» TRY IT
Your reply should reproduce the data below without a single alteration, apart from dropping the images.

──────

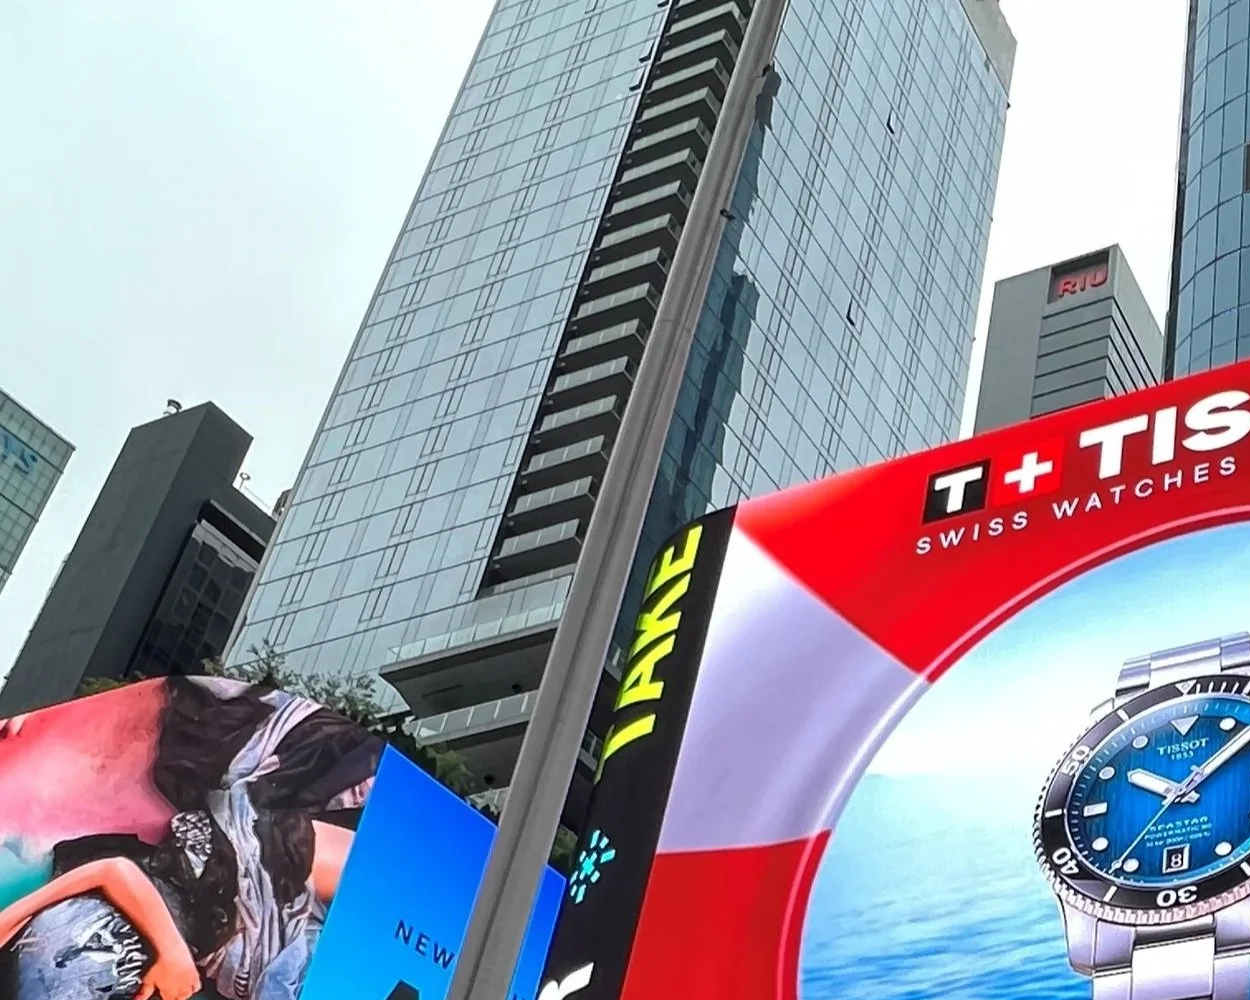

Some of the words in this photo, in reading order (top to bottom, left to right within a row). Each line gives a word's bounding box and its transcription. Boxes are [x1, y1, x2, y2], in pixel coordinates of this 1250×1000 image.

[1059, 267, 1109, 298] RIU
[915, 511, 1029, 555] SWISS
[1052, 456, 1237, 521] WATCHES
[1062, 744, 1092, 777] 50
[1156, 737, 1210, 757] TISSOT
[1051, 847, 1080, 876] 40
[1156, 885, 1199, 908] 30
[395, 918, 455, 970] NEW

──────

» ANSWER BOX
Some of the words in this photo, in reading order (top to bottom, left to right within a row). Each line gives a word's bounding box and its transcription. Boxes are [x1, y1, x2, y2], in pixel coordinates of this 1250×1000 image.

[1059, 267, 1109, 298] RIU
[915, 511, 1029, 555] SWISS
[1052, 456, 1237, 521] WATCHES
[1062, 744, 1092, 777] 50
[1156, 737, 1210, 757] TISSOT
[1051, 847, 1080, 876] 40
[1156, 885, 1199, 908] 30
[395, 918, 455, 970] NEW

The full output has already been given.